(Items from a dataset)

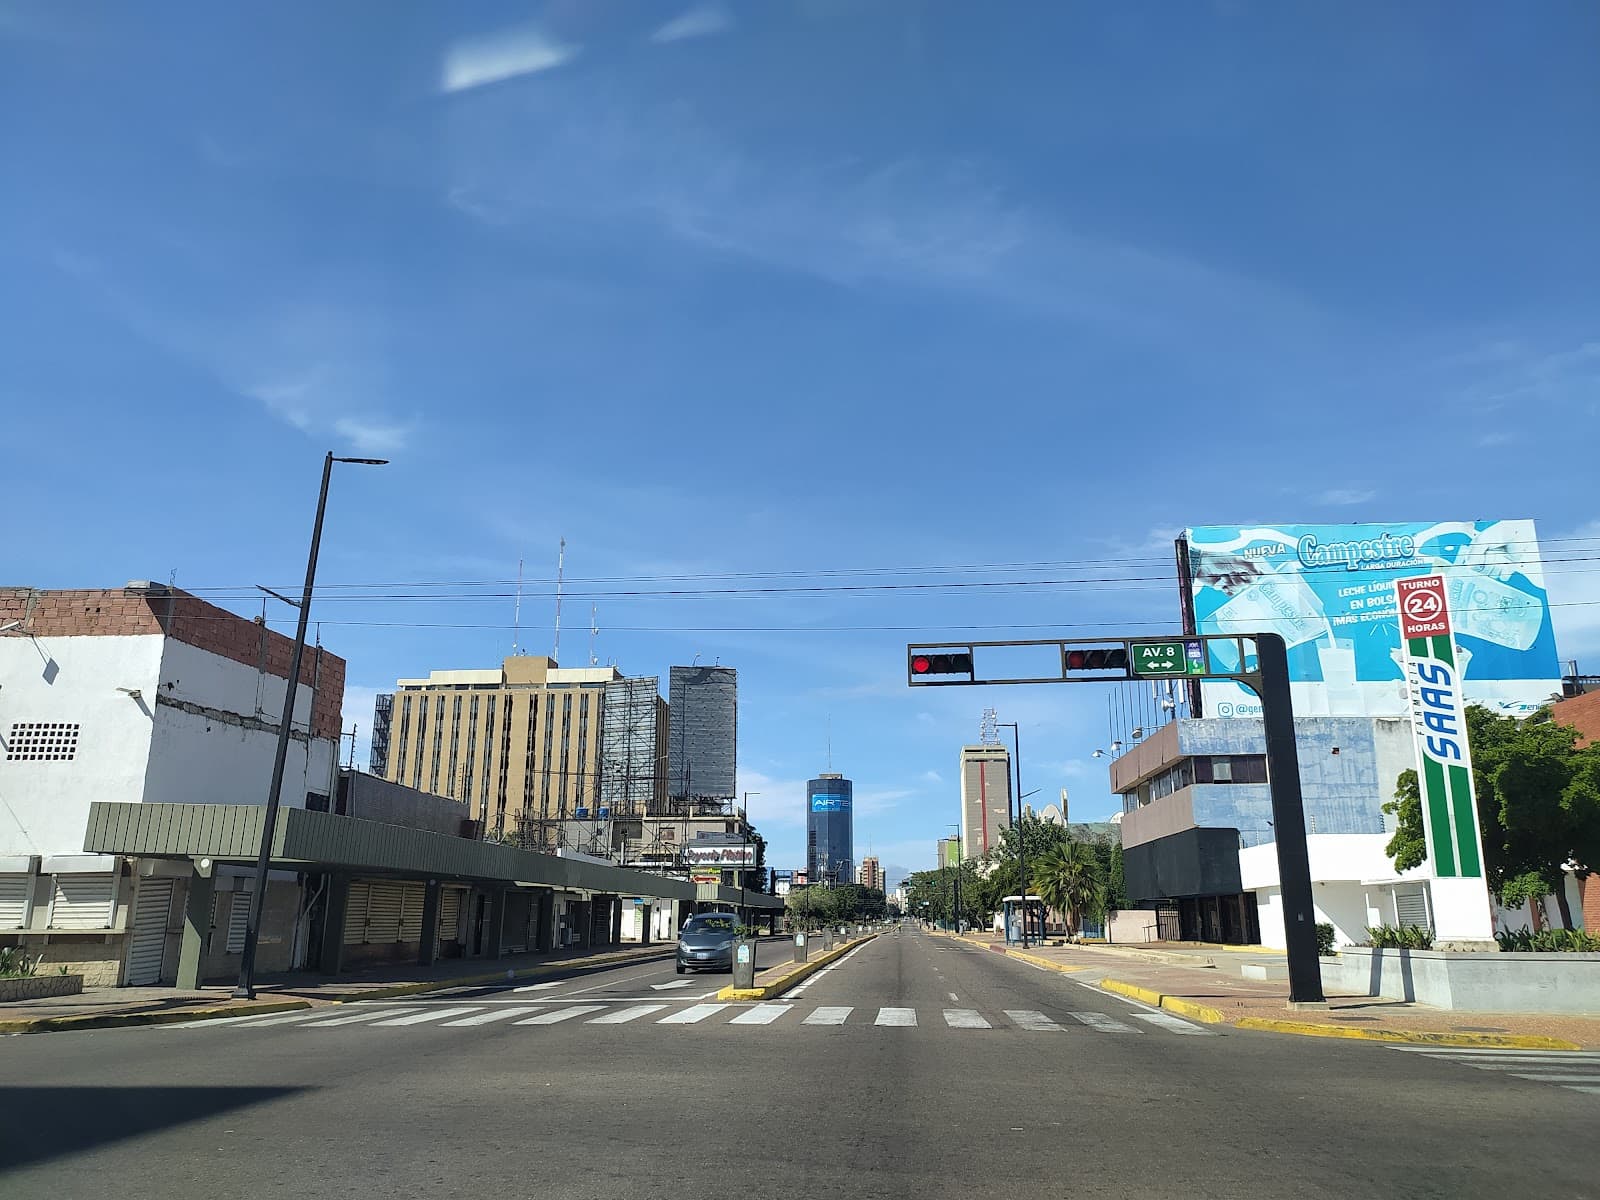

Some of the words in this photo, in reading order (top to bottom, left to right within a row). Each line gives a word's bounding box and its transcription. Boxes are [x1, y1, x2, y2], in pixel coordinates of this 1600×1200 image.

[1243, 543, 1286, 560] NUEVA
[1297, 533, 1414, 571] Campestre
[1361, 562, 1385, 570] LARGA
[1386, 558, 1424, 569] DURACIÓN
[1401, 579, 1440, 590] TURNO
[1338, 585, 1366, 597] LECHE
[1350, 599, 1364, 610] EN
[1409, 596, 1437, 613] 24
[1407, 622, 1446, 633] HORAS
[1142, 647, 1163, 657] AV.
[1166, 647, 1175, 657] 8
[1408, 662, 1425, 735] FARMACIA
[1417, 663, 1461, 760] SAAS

_TASK DETAILS_
Drop the images, then copy the data exactly.

_ANSWER_
Some of the words in this photo, in reading order (top to bottom, left to right within a row). Each line gives a word's bounding box and its transcription. Boxes are [x1, y1, x2, y2], in pixel coordinates of this 1600×1200 image.

[1243, 543, 1286, 560] NUEVA
[1297, 533, 1414, 571] Campestre
[1361, 562, 1385, 570] LARGA
[1386, 558, 1424, 569] DURACIÓN
[1401, 579, 1440, 590] TURNO
[1338, 585, 1366, 597] LECHE
[1350, 599, 1364, 610] EN
[1409, 596, 1437, 613] 24
[1407, 622, 1446, 633] HORAS
[1142, 647, 1163, 657] AV.
[1166, 647, 1175, 657] 8
[1408, 662, 1425, 735] FARMACIA
[1417, 663, 1461, 760] SAAS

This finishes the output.